I am thinking here not only of the Traditional/Advantage divide but also of the ABLE program.
This is a savings program for people with disabilities that is modeled after 529 college savings plans. You can save up to $100,000 and not have that affect your eligibility for SSI and Medicaid.
It’s a boon for middle-class families with a disabled child. You can deposit whatever the gift tax exclusion maximum is each year, and it’s simpler and cheaper than the other alternative, setting up a special needs trust.
But in my more paranoid moments, I wonder if part of Congress’s goal in setting up this program was to mollify the segment of the disability community most likely and capable of pushing for a stronger safety net. You are less likely to panic about how little Social Security (SSI and/or SSDI) your child will have if you have created a nice ABLE account for them. And if you are not panicking, you are probably disinclined to organize to lobby Congress.
So why get upset about the poor shmucks who are getting shortchanged by how medical coverage is structured? You’re sitting pretty so even though you are the one sophisticated enough to push for change, you have no motivation.
I hope that made sense, Ohio Dad has interrupted me half a dozen times.

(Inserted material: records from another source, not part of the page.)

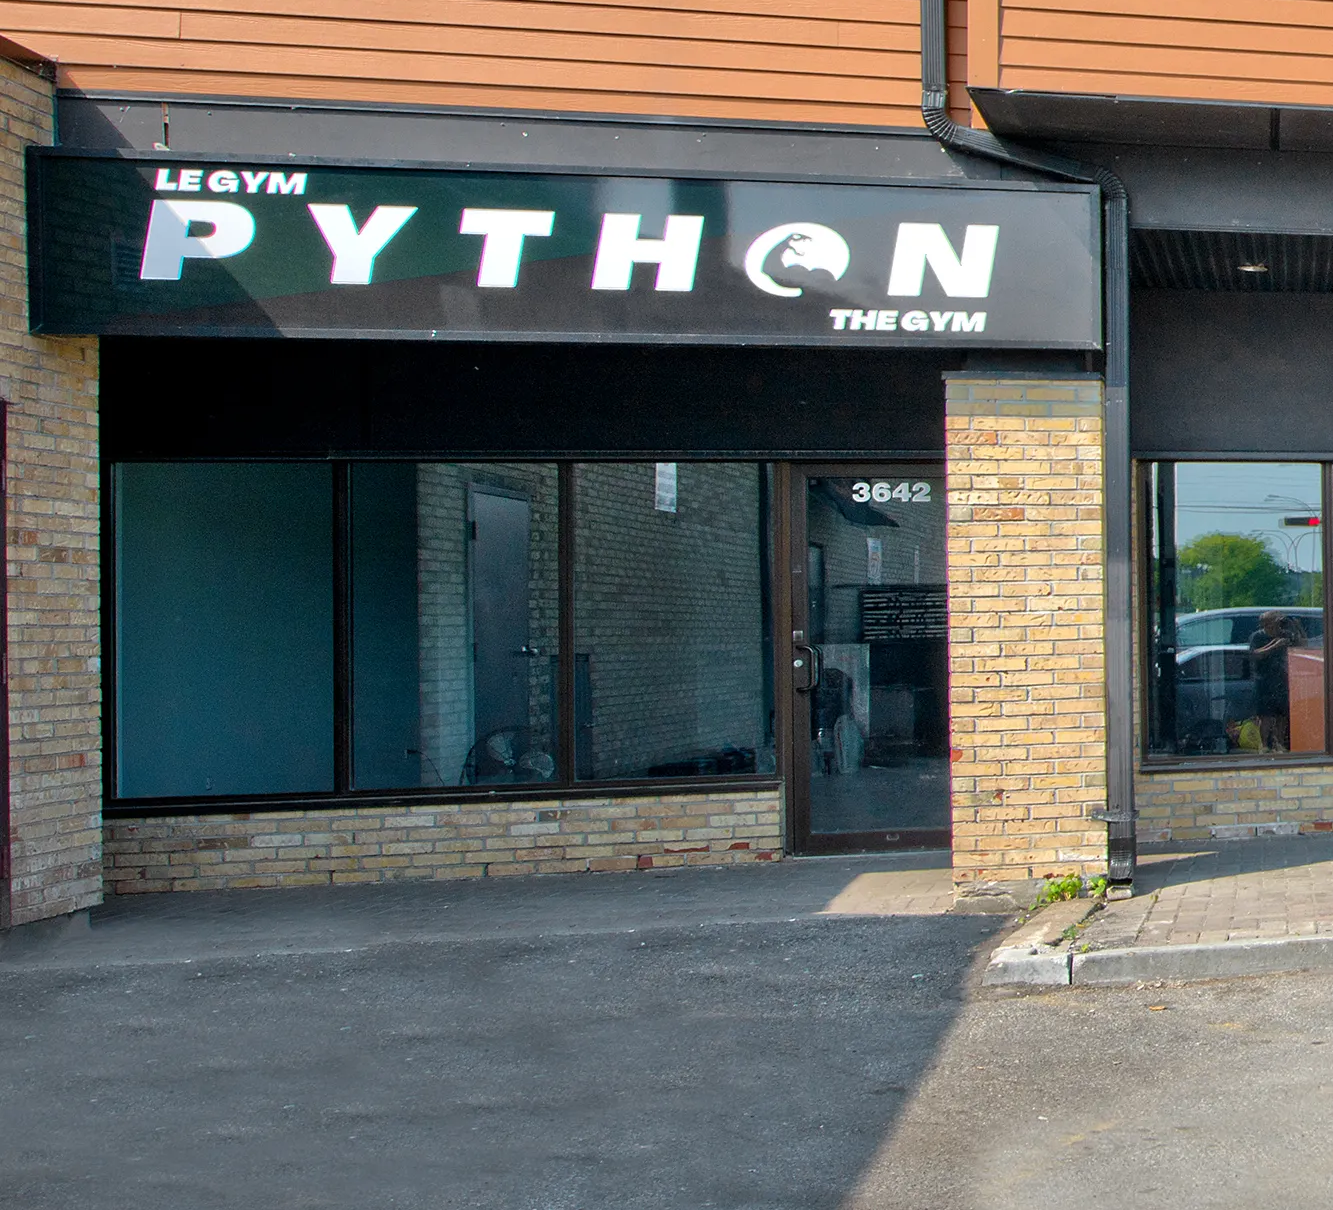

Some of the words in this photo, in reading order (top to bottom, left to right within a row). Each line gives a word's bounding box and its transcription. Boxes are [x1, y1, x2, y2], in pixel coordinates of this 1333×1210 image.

[155, 168, 203, 191] LE
[207, 171, 308, 195] GYM
[830, 307, 897, 331] THE
[901, 309, 987, 333] GYM
[852, 482, 931, 503] 3642

Also, my comment is probably a little off-topic but off- topic is one of my specialities.
@Ohio Mom: I did not know about ABLE plans. THANK YOU!!
@sab: In Ohio, they are called STABLE.https://ohio.gov/residents/resources/stable-account
Each state has their own version.
@Ohio Mom: When my dad was in his last days, he worked on setting up an ABLE account for my autistic brother. It’s good that it exists, but its complicated, especially for people who have various kinds of guardians (guardian of the person, guardian of the estate, various powers of attorney, …). The guardians wanted nothing to do with being responsible for the ABLE account, and us survivors are several states away. It’s pretty much essential that various legal and financial professionals have to be involved to have any chance of it working. :-/
Yes, this is another illustration that those who have the means are able to take advantage of programs (and treatments) that those who don’t aren’t. It’s not based on efficient delivery to those who need it most. Atrios’s mantra that social programs should simply be universal – just pay for it via higher taxes on the wealthy, rather than means testing or requiring complicated paperwork – should be better understood and advocated for. (Who cares if Bezos’s kid gets free college if Bezos is taxed at a 75% marginal rate??)